OpenAI o3 and o4-mini by maheshrijal

63 Comments

  • Post Author
    thm
    Posted April 16, 2025 at 5:04 pm

    I'm starting to be reminded of the razor blade business.

  • Post Author
    testfrequency
    Posted April 16, 2025 at 5:11 pm

    As a consumer, it is so exhausting keeping up with what model I should or can be using for the task I want to accomplish.

  • Post Author
    brap
    Posted April 16, 2025 at 5:11 pm

    Where's the comparison with Gemini 2.5 Pro?

  • Post Author
    jdross
    Posted April 16, 2025 at 5:12 pm

    The pace of notable releases across the industry right now is unlike any time I remember since I started doing this in the early 2000's. And it feels like it's accelerating

  • Post Author
    typs
    Posted April 16, 2025 at 5:13 pm

    I’m not sure I fully understand the rationale of having newer mini versions (eg o3-mini, o4-mini) when previous thinking models (eg o1) and smart non-thinking models (eg gpt-4.1) exist. Does anyone here use these for anything?

  • Post Author
    morkalork
    Posted April 16, 2025 at 5:13 pm

    If the ai is smart, why not have it choose the model for the user

  • Post Author
    firejake308
    Posted April 16, 2025 at 5:14 pm

    Not sure what the goal is with Codex CLI. It's not running a local LLM right, just a CLI to make API calls from the terminal?

  • Post Author
    originalvichy
    Posted April 16, 2025 at 5:15 pm

    Is there a non-obvious reason using something like Python to solve queries requiring calculations was not used from day one with LLMs?

  • Post Author
    ksylvest
    Posted April 16, 2025 at 5:15 pm

    Are these available via the API? I'm getting back 'model_not_found' when testing.

  • Post Author
    planb
    Posted April 16, 2025 at 5:15 pm

    What is wrong with OpenAI? The naming of their models seems like it is intentionally confusing – maybe to distract from lack of progress?
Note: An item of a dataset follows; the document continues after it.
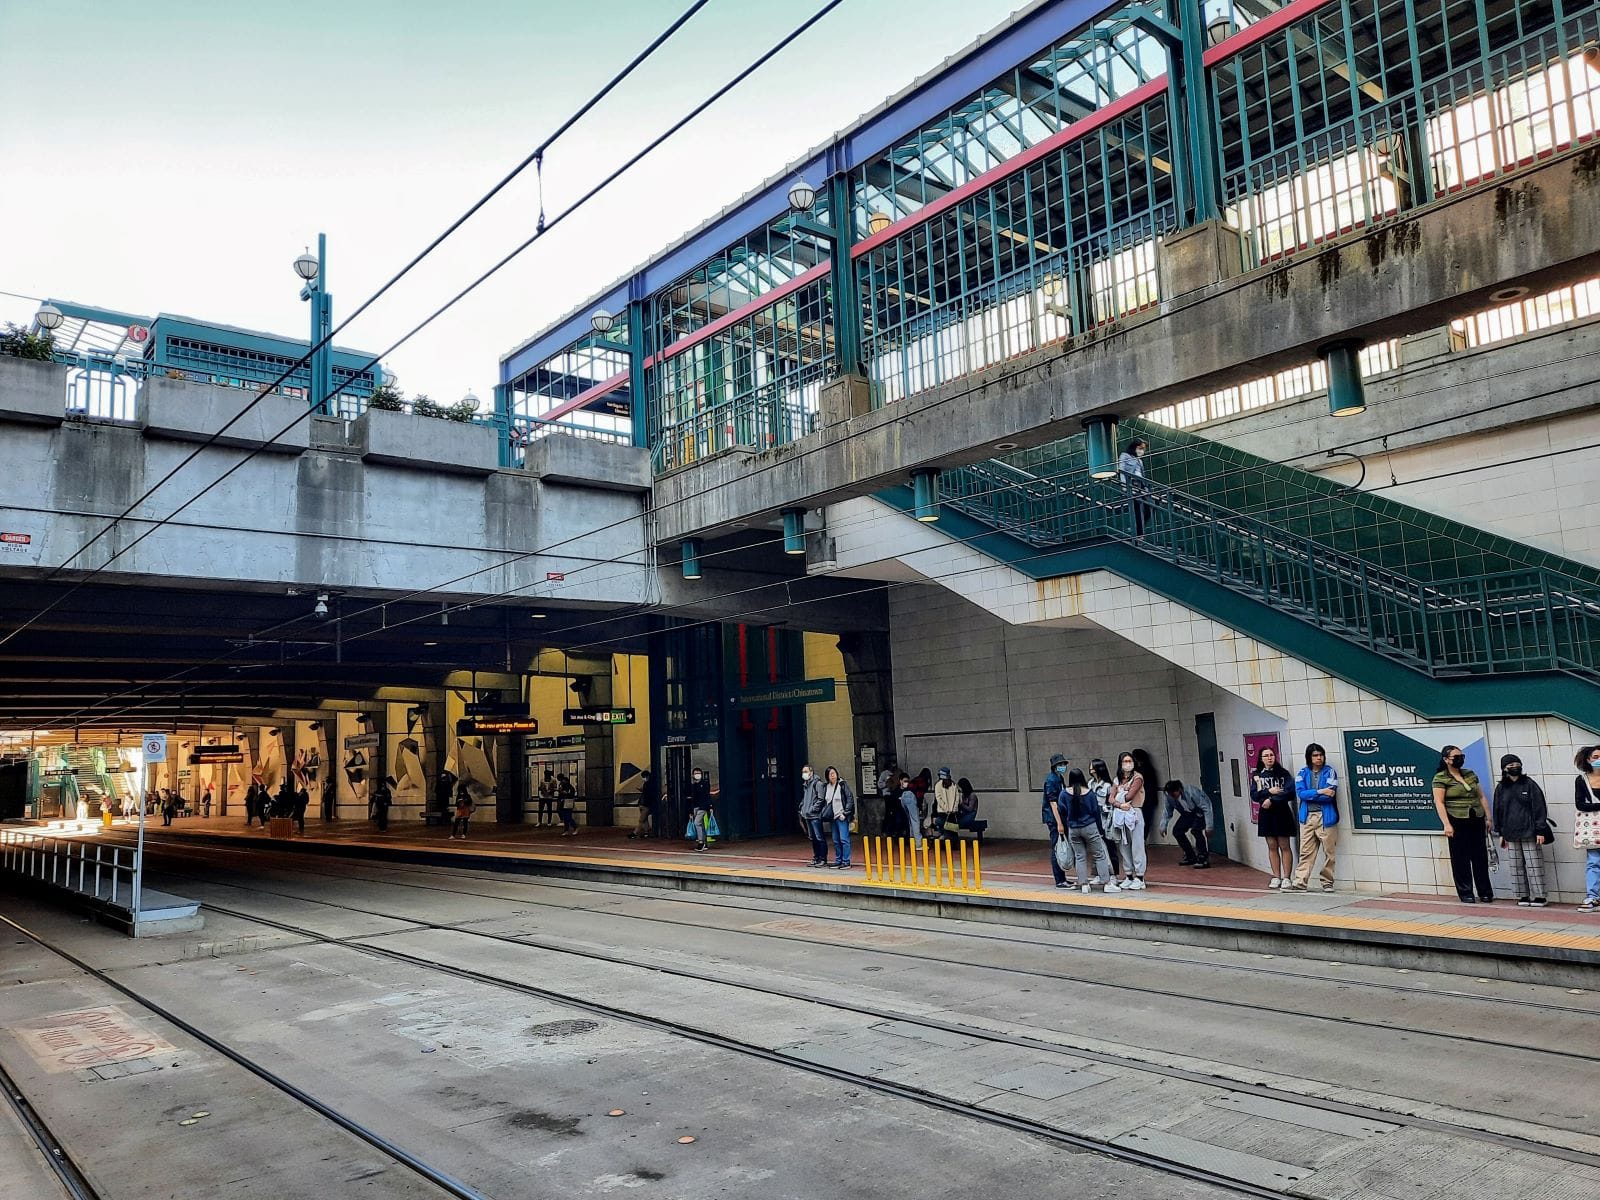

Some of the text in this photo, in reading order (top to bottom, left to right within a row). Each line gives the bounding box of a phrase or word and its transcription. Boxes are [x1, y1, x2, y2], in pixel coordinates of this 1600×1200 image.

[1353, 738, 1378, 747] aws
[1356, 764, 1416, 776] Build your
[1357, 776, 1424, 787] cloud skills
Honestly, I have no idea which model to use for simply everyday tasks anymore.

  • Post Author
    falleng0d
    Posted April 16, 2025 at 5:15 pm

    Maybe they should ask the new models to generate a better name for themselves. It's getting quite confusing.

  • Post Author
    zapnuk
    Posted April 16, 2025 at 5:16 pm

    Surprisingly, they didn't provide a comparison to Sonnet 3.7 or Gemini Pro 2.5—probably because, while both are impressive, they're only slightly better by comparison.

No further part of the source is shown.